→ **DATASET CONTENT**
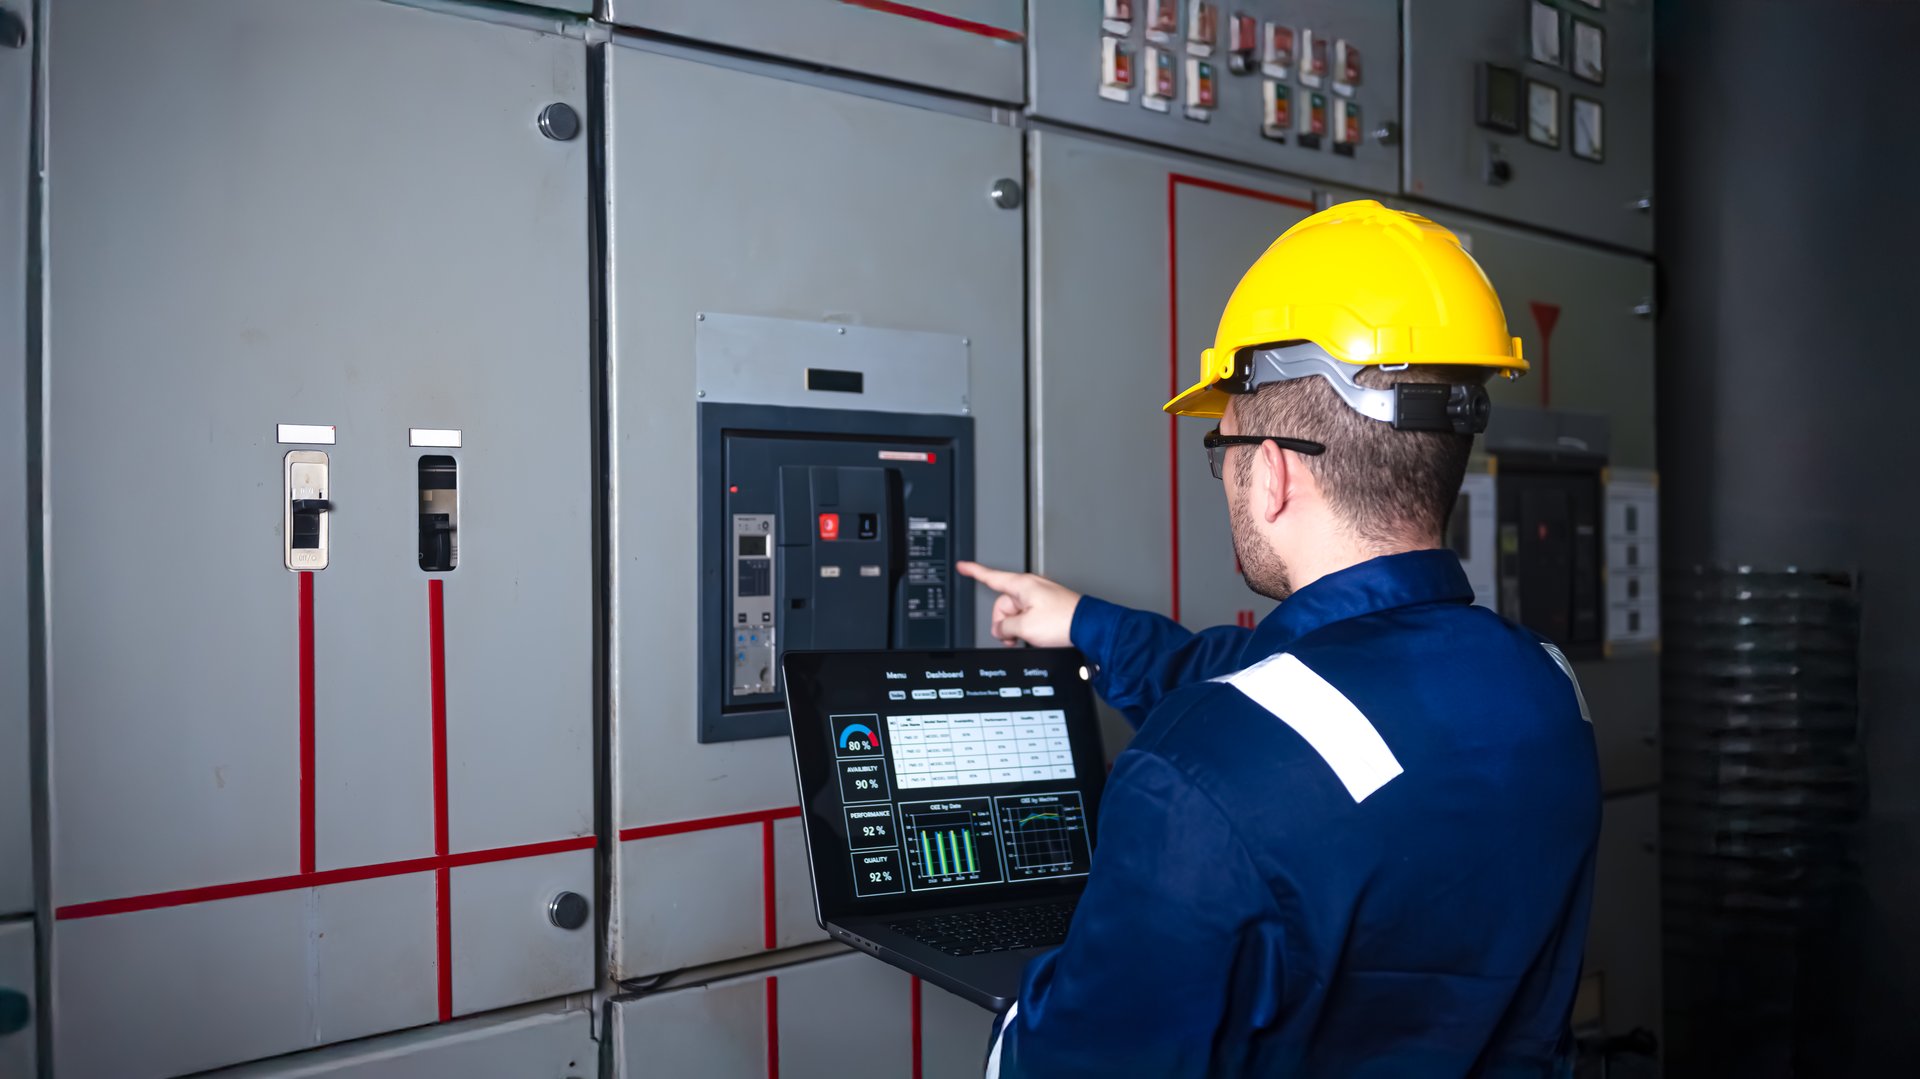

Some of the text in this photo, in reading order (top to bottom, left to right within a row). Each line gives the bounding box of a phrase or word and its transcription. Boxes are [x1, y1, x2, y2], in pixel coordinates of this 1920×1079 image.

[886, 671, 907, 679] Menu
[925, 670, 964, 679] Dashboard
[848, 740, 871, 750] 80 %
[855, 779, 878, 789] 90 %
[850, 810, 890, 818] PERFORMANCE
[863, 826, 886, 836] 92 %
[869, 872, 892, 882] 92 %
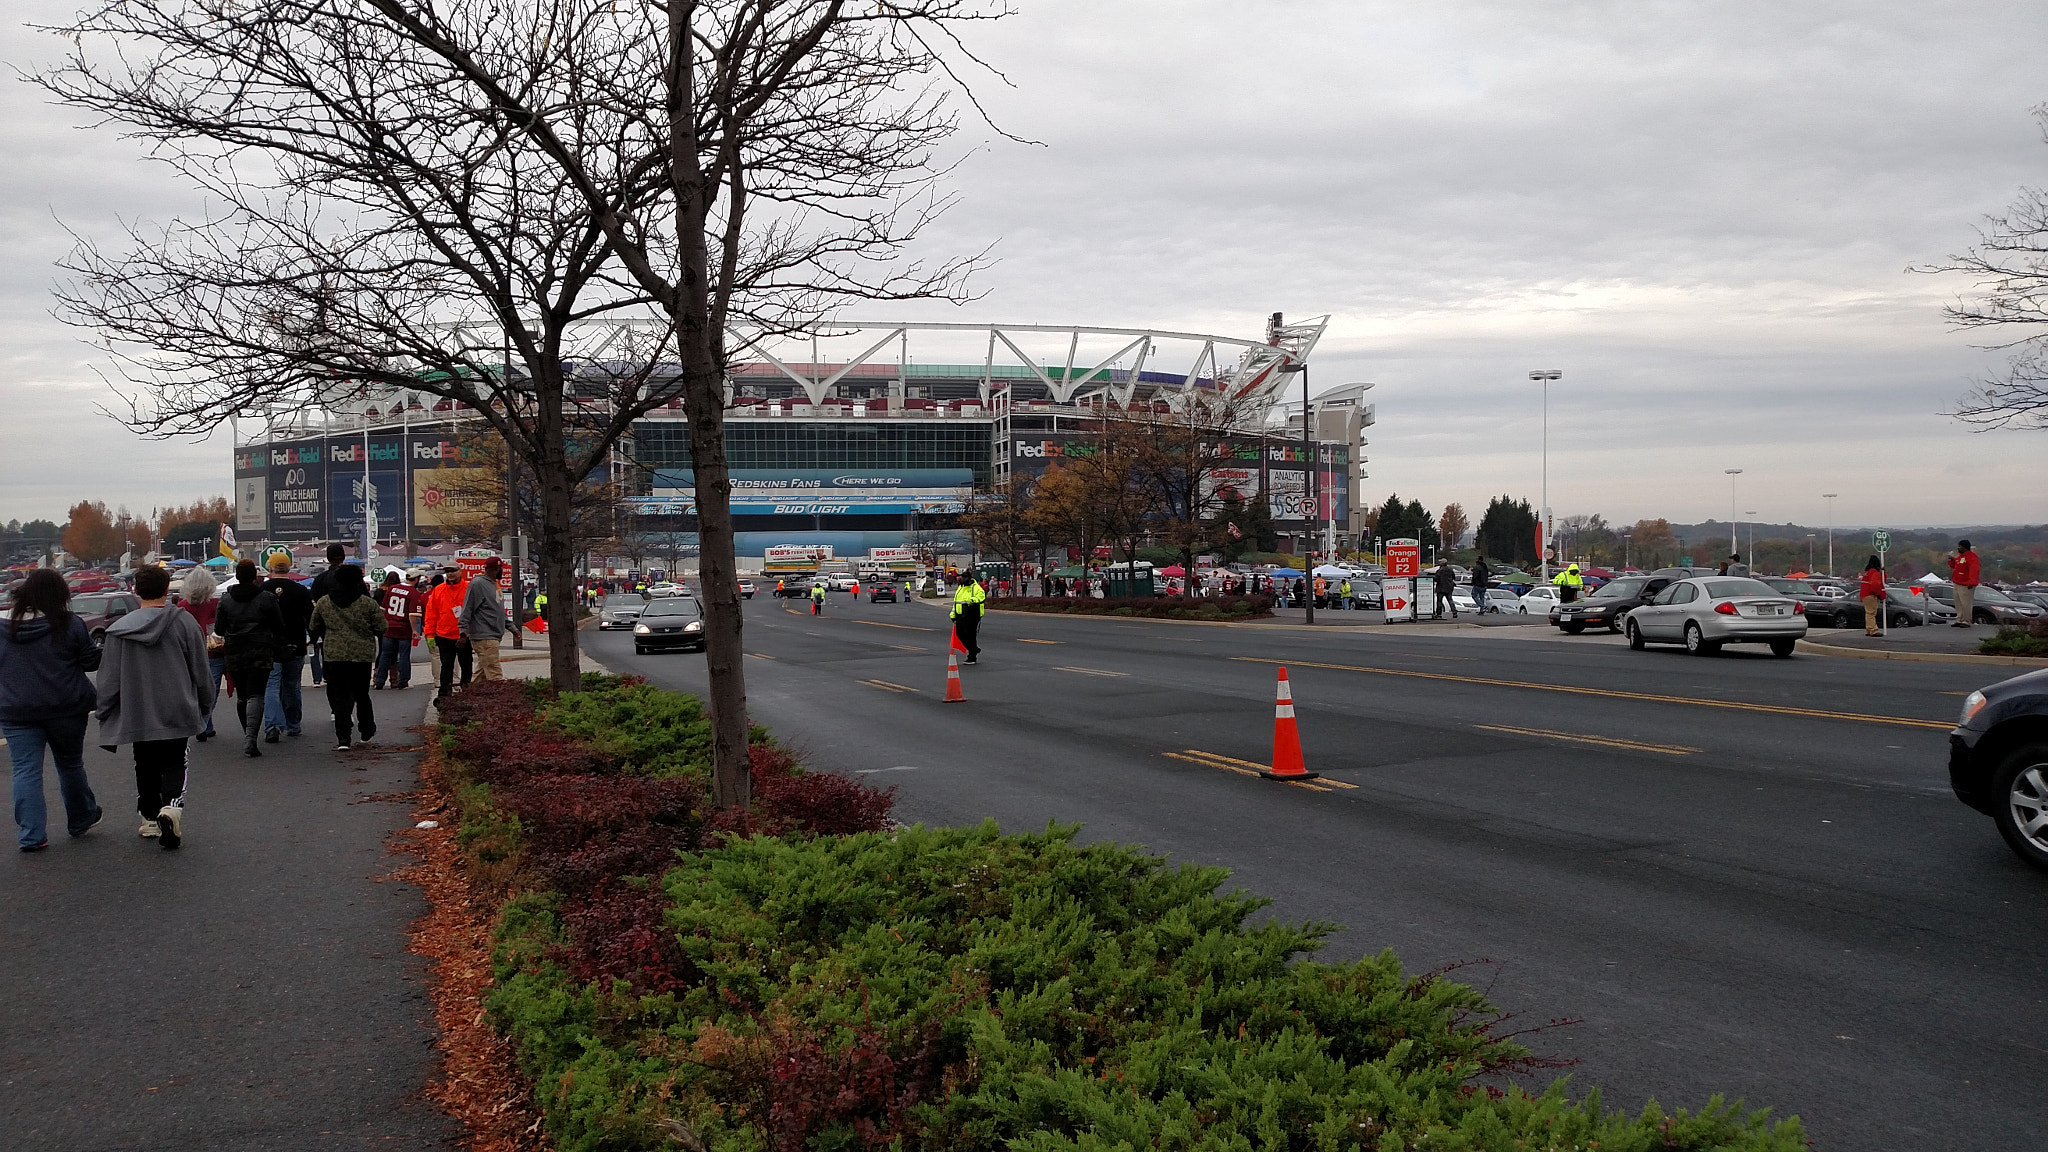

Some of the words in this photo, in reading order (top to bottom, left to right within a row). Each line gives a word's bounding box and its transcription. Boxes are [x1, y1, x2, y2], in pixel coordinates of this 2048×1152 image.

[271, 446, 320, 466] FedExField
[1274, 471, 1305, 481] ANALYTIC
[790, 479, 821, 488] FANS
[273, 489, 297, 501] PURPLE
[298, 488, 320, 500] HEART
[273, 500, 320, 514] FOUNDATION
[774, 504, 805, 514] BUD
[811, 504, 850, 514] LIGHT
[1876, 531, 1887, 539] GO
[1388, 549, 1417, 557] Orange
[460, 562, 486, 573] Orang
[1395, 564, 1410, 573] F2
[500, 578, 512, 586] G2
[388, 595, 406, 617] 91

→ **TASK BRIEF**
Drop the images, then copy the data exactly.

→ **TASK RESULT**
Some of the text in this photo, in reading order (top to bottom, left to right within a row). Each line gives the bounding box of a phrase or word and its transcription. Boxes are [x1, y1, x2, y2], in pixel coordinates of this 1920×1079 image.

[886, 671, 907, 679] Menu
[925, 670, 964, 679] Dashboard
[848, 740, 871, 750] 80 %
[855, 779, 878, 789] 90 %
[850, 810, 890, 818] PERFORMANCE
[863, 826, 886, 836] 92 %
[869, 872, 892, 882] 92 %

Some of the words in this photo, in reading order (top to bottom, left to right within a row). Each line gives a word's bounding box and its transcription. Boxes are [x1, y1, x2, y2], in pixel coordinates of this 2048×1152 image.

[271, 446, 320, 466] FedExField
[1274, 471, 1305, 481] ANALYTIC
[790, 479, 821, 488] FANS
[273, 489, 297, 501] PURPLE
[298, 488, 320, 500] HEART
[273, 500, 320, 514] FOUNDATION
[774, 504, 805, 514] BUD
[811, 504, 850, 514] LIGHT
[1876, 531, 1887, 539] GO
[1388, 549, 1417, 557] Orange
[460, 562, 486, 573] Orang
[1395, 564, 1410, 573] F2
[500, 578, 512, 586] G2
[388, 595, 406, 617] 91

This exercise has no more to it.